Posted on Sep 20, 2010 in Featured, School | 1 comment

A Little Montessori Goes a Long Way

If I could send my kids to The Waldorf of the Peninsula school, I’d do it in a heartbeat. I believe with my whole parenting self, that giving my children the freedom to find joy in their learning, the power of overcoming their fears and the strength of education is one of the greatest things I’ll do with my life. But education philosophy and budgets rarely match up. At $12,000 – $20,000 per year, per child, my hopes of my children being educated in the  Montessori philosophy are all but gone.

As the public school system in San Jose continues to decline to dangerously low funding, I find our school’s programs being cut — science, art, athletics — key cornerstones to a well-rounded childhood education. And, thanks to the not-even-remotely-helpful No Child Left Behind Act, our public school teachers are trapped by having to teach to test, not teach to learn. Even the greatest teachers around (ours included), can’t fight off an economy in peril and a broken school system. Teachers find themselves sneaking in art and music, wiggling around systems to find some creativity in their teaching and eek out moments of 1:1 time with kids.

Meanwhile, across town, for the cost of some family annual paychecks, children are learning by touch and feel and movement. Their worlds are filled with peace and balance and a basic belief that their brains are developing just as they should. It’s hard not to hate them. I want my kids to have that freedom to learn, despite our inability to pay $30,000 annually. I’ve thought about this a lot. If I cut our lifestyle down, could we afford Montessori? If I:

Gave up wine: $200/month or $2,400 a year. Nope, not even close.

Gave up organic food: $150/month or $1,800 a year. Why would I give up feeding my family organically?

Gave up both @la_gringa’s and my iPhones: $250/month or $3,000 a year. That won’t work.

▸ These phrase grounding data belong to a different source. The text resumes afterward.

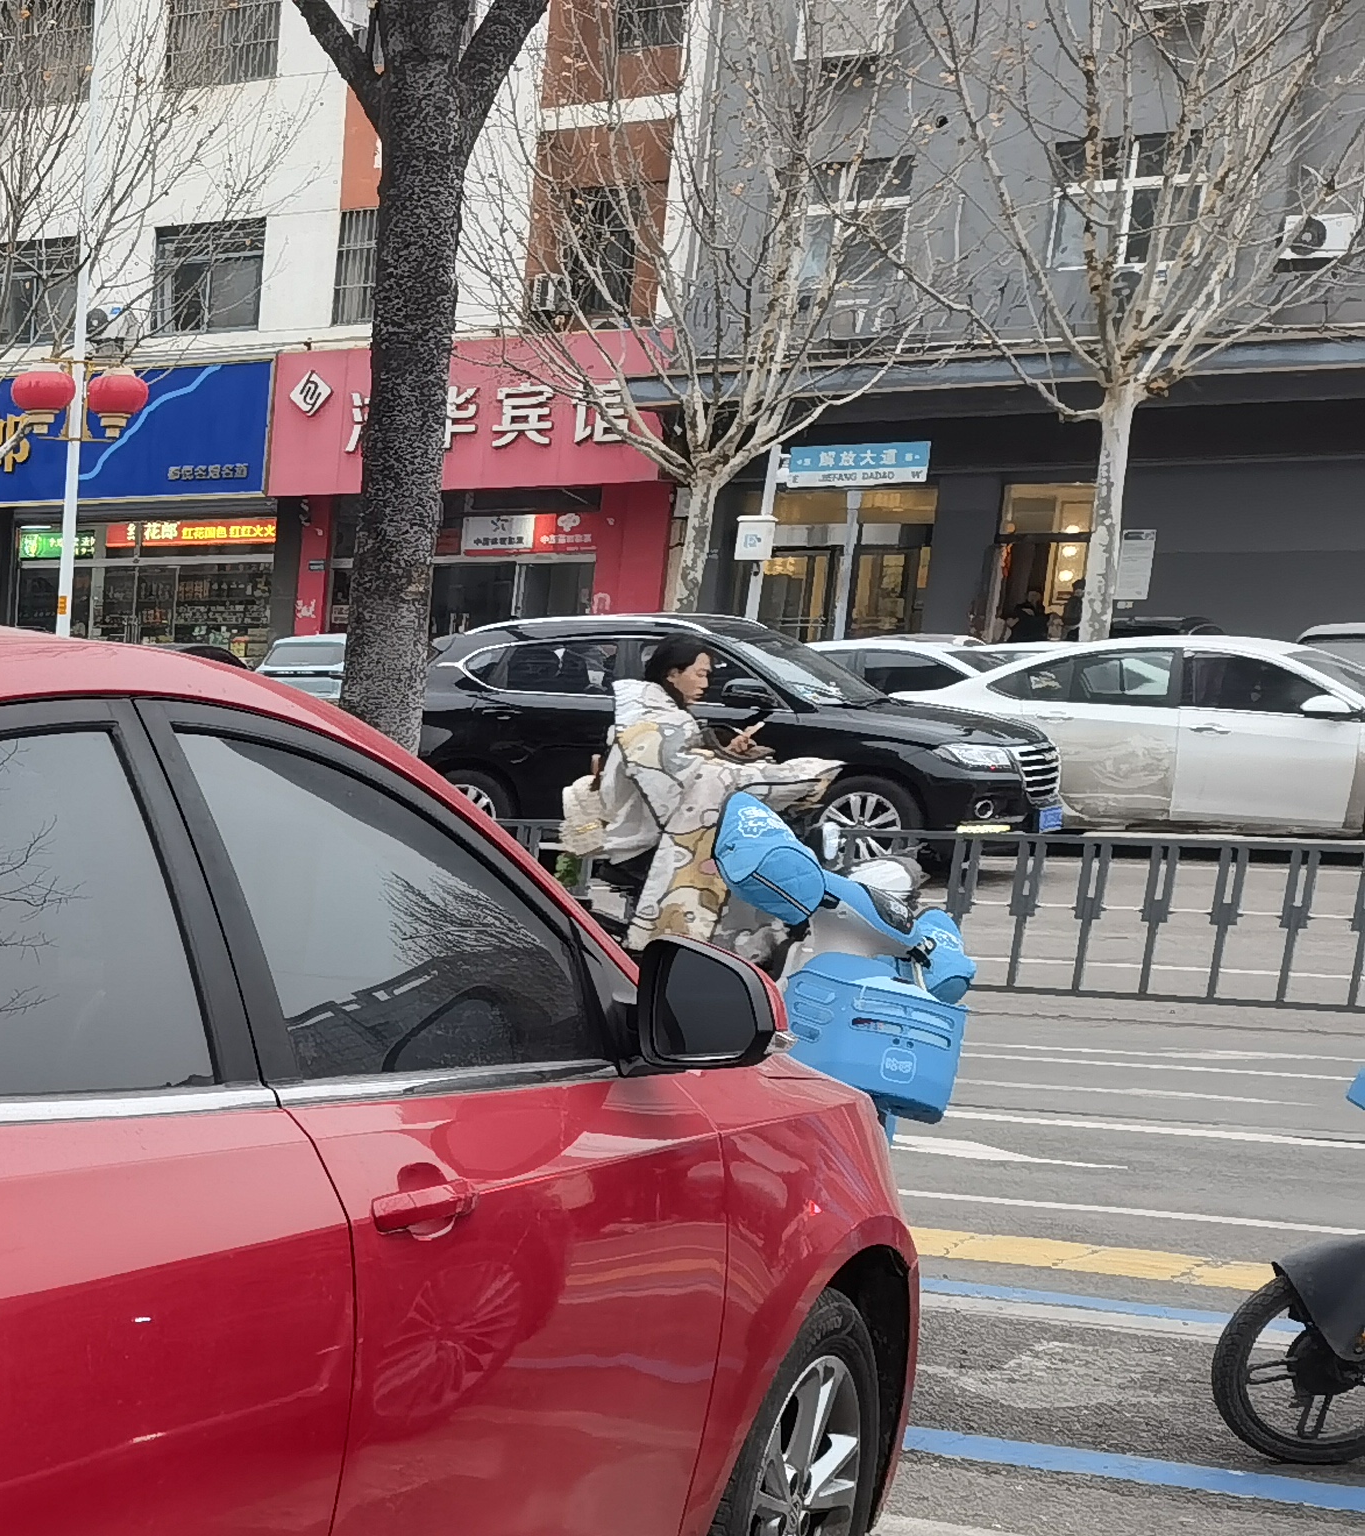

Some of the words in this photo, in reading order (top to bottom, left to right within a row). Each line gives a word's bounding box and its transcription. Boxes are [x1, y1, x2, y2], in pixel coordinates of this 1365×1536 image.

[345, 379, 628, 453] 华宾馆
[818, 448, 898, 467] 解放大道
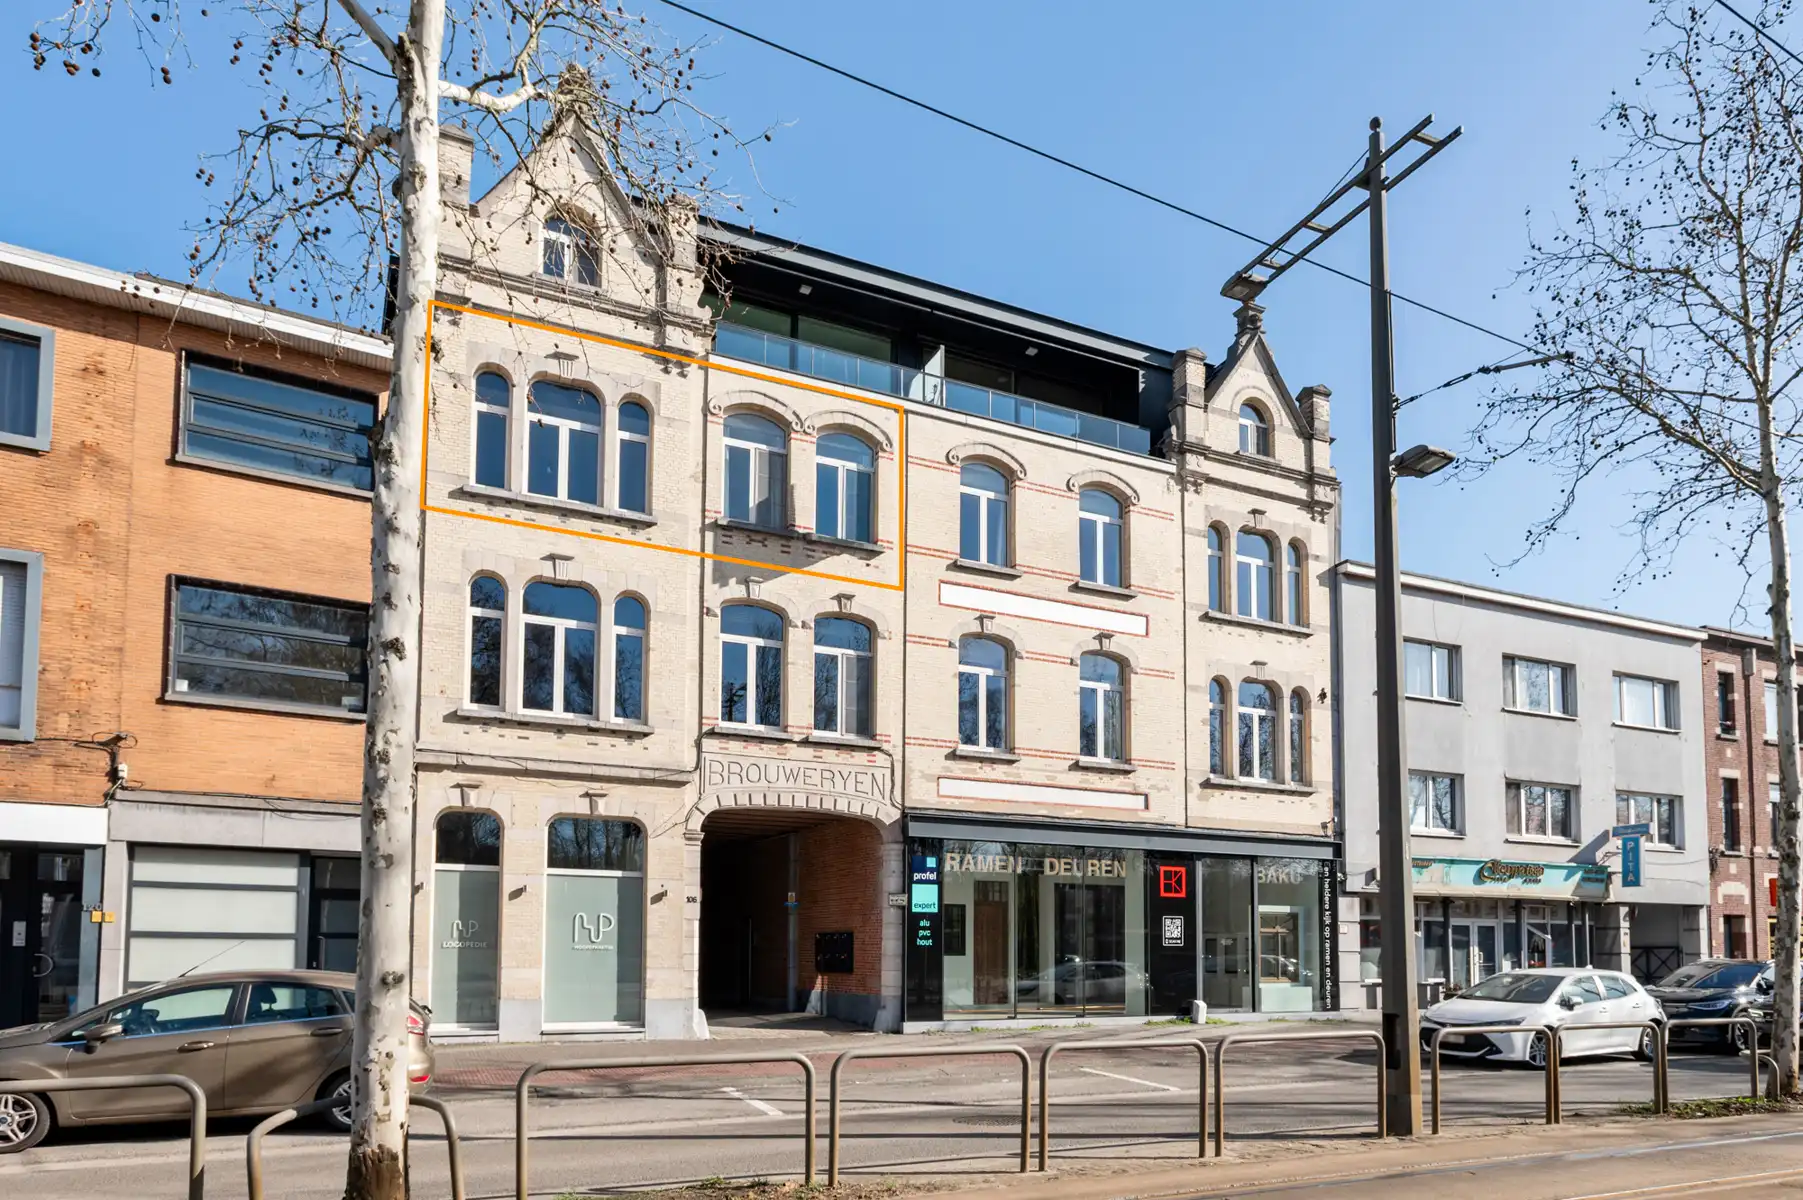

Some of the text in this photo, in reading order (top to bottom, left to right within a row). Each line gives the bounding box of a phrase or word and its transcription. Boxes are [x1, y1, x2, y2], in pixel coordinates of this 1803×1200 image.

[708, 759, 886, 800] BROUWERYEN
[944, 852, 1022, 873] RAMEN
[1626, 841, 1636, 882] PITA
[913, 872, 937, 881] profel
[1323, 878, 1332, 910] heldere
[913, 901, 937, 910] expert
[919, 919, 931, 927] alu
[918, 930, 931, 938] pvc
[1324, 927, 1332, 939] op
[916, 938, 933, 946] hout
[1324, 940, 1332, 966] ramen
[1325, 967, 1332, 978] en
[1325, 979, 1334, 1009] deuren

If I went from full-time flexible consulting to completely full-time in-house, we’d be able to pull it off, but then, I’d need a nanny, aftercare and, most of all, wouldn’t be there to participate in the rearing of my own children’s lives. That might work for them, but what’s the trade off for having no mommy face-time?

After a year of jealousy, I’ve decided to bring a little Montessori to our home — if we can’t go to a developmental private school, the least I can do is bring a bit of it home to my kids. Although my plan is just coming into action, I’m finding Thing 1 and Thing 2 to be fully engaged in the new system. I’ve started with manipulatives: putting odd things in their art cart — a strange shaped item, a tool they don’t know how to use, a giant vacuum cleaner box. Next, I’ve planned time in their day to let them explore these things and others that they find interesting. When I take down barriers to activities, the kids seem to really respond. Answers that used to be no have turned to yes. Questions like “Can I make myself an Aztec warrior?” are answered with “Of course you can.” So far, I can’t believe how creative the kids have been, how receptive they are to failure, trial and error.

Next on the agenda is to loosen the physical restraints we put on our kids. A Montessori kid I know can climb trees all the way to the top. She has no fear. She’ll sit at the top of the tree, eat a snack and watch the world go by. I’ve seen other parents completely freak out at this kid (and her parents), but somehow I get it. This girl is in no more danger of falling out of a tree as others are from falling off a bike, or getting a concussion from a linebacker’s tackle. I want my children to reach for freedoms physically. Yesterday I told my daughter to go outside and climb a tree. She looked at me like I was nuts, and then, went and did it. A half-hour later she ran back inside, showing off her scraped hands and knees — “I was in the tree!,” she said, proudly.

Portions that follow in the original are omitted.